### RECORDS
BEGIN

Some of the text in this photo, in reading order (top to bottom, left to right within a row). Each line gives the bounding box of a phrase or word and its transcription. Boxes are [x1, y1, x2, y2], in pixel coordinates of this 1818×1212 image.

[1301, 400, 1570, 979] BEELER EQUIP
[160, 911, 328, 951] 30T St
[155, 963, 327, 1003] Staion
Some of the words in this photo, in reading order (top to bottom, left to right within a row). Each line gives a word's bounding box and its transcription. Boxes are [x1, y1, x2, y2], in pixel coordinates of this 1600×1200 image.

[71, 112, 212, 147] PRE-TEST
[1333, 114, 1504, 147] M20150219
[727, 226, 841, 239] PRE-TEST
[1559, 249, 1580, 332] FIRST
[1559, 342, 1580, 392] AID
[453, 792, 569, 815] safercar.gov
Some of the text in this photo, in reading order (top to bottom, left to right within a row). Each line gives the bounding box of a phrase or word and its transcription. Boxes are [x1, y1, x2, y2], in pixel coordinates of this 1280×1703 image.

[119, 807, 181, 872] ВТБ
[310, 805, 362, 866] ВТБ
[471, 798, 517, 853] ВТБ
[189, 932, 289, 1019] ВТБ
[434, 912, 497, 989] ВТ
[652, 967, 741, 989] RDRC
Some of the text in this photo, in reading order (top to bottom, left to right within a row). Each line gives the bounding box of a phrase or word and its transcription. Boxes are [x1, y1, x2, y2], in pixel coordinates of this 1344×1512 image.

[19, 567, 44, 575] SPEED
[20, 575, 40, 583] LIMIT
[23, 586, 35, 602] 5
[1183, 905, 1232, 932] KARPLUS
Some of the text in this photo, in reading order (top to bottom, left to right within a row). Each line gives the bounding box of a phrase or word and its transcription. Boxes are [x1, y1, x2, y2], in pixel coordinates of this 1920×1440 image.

END

### GOAL OF THE EXERCISE
The records above must be transcribed in full, word for word.

### ANSWER TO THIS EXERCISE
Some of the text in this photo, in reading order (top to bottom, left to right within a row). Each line gives the bounding box of a phrase or word and its transcription. Boxes are [x1, y1, x2, y2], in pixel coordinates of this 1818×1212 image.

[1301, 400, 1570, 979] BEELER EQUIP
[160, 911, 328, 951] 30T St
[155, 963, 327, 1003] Staion
Some of the words in this photo, in reading order (top to bottom, left to right within a row). Each line gives a word's bounding box and its transcription. Boxes are [x1, y1, x2, y2], in pixel coordinates of this 1600×1200 image.

[71, 112, 212, 147] PRE-TEST
[1333, 114, 1504, 147] M20150219
[727, 226, 841, 239] PRE-TEST
[1559, 249, 1580, 332] FIRST
[1559, 342, 1580, 392] AID
[453, 792, 569, 815] safercar.gov
Some of the text in this photo, in reading order (top to bottom, left to right within a row). Each line gives the bounding box of a phrase or word and its transcription. Boxes are [x1, y1, x2, y2], in pixel coordinates of this 1280×1703 image.

[119, 807, 181, 872] ВТБ
[310, 805, 362, 866] ВТБ
[471, 798, 517, 853] ВТБ
[189, 932, 289, 1019] ВТБ
[434, 912, 497, 989] ВТ
[652, 967, 741, 989] RDRC
Some of the text in this photo, in reading order (top to bottom, left to right within a row). Each line gives the bounding box of a phrase or word and its transcription. Boxes are [x1, y1, x2, y2], in pixel coordinates of this 1344×1512 image.

[19, 567, 44, 575] SPEED
[20, 575, 40, 583] LIMIT
[23, 586, 35, 602] 5
[1183, 905, 1232, 932] KARPLUS
Some of the text in this photo, in reading order (top to bottom, left to right within a row). Each line gives the bounding box of a phrase or word and its transcription. Boxes are [x1, y1, x2, y2], in pixel coordinates of this 1920×1440 image.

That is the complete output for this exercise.